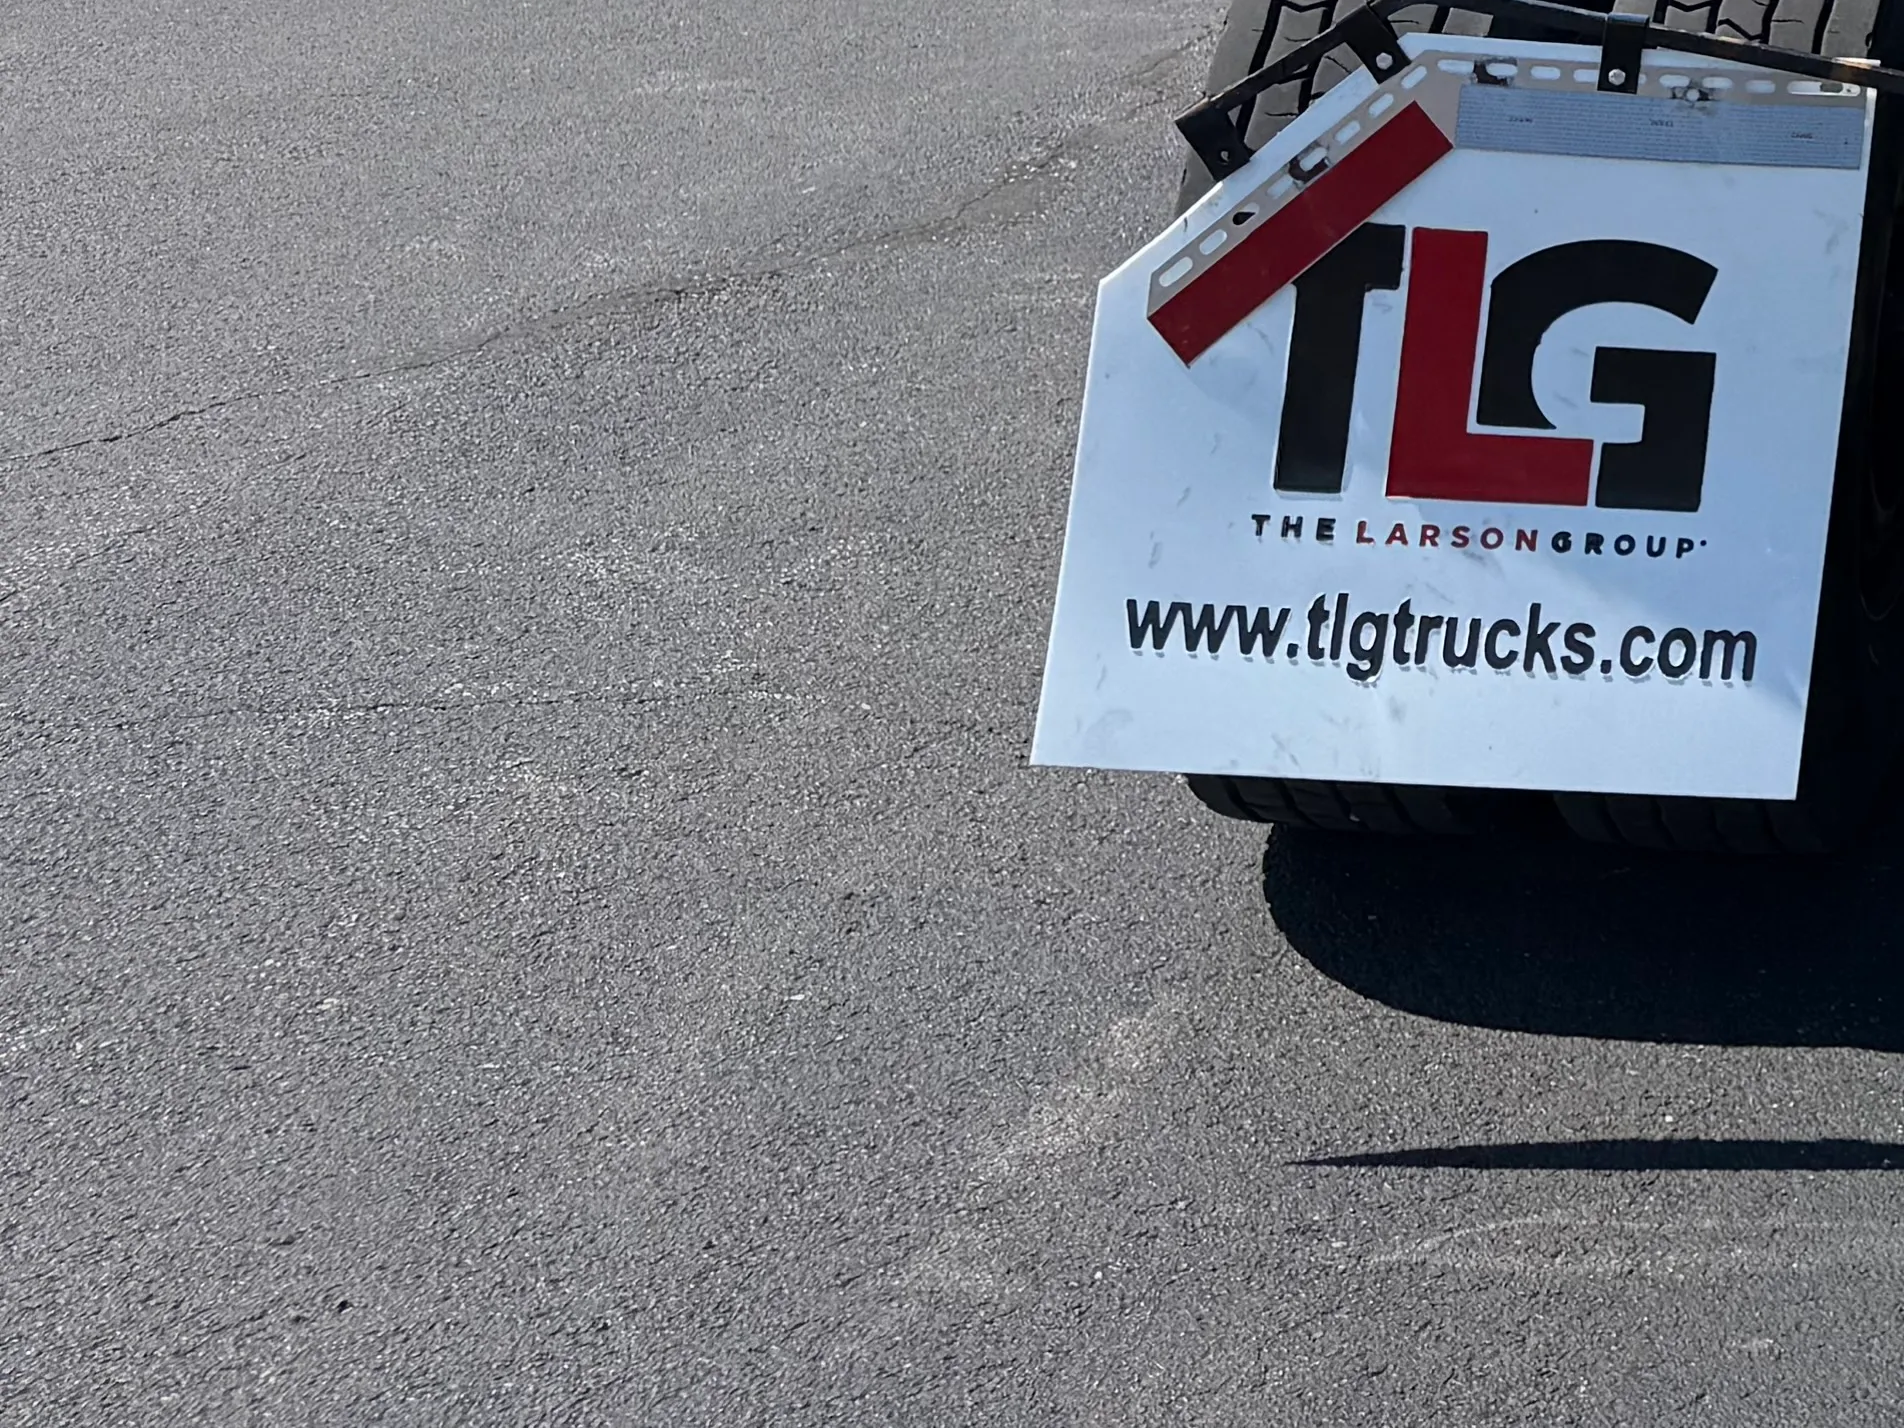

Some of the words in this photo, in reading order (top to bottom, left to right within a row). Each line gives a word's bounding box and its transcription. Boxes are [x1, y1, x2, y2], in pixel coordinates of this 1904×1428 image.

[1273, 222, 1718, 512] TLG
[1250, 513, 1337, 542] THE
[1355, 520, 1539, 552] LARSON
[1126, 593, 1758, 684] www.tlgtrucks.com

----

**Your assignment:** What the records say must be written out exactly, with none of their pictures.

**Result of the task:**
Some of the words in this photo, in reading order (top to bottom, left to right within a row). Each line gives a word's bounding box and its transcription. Boxes are [x1, y1, x2, y2], in pixel coordinates of this 1904×1428 image.

[1273, 222, 1718, 512] TLG
[1250, 513, 1337, 542] THE
[1355, 520, 1539, 552] LARSON
[1126, 593, 1758, 684] www.tlgtrucks.com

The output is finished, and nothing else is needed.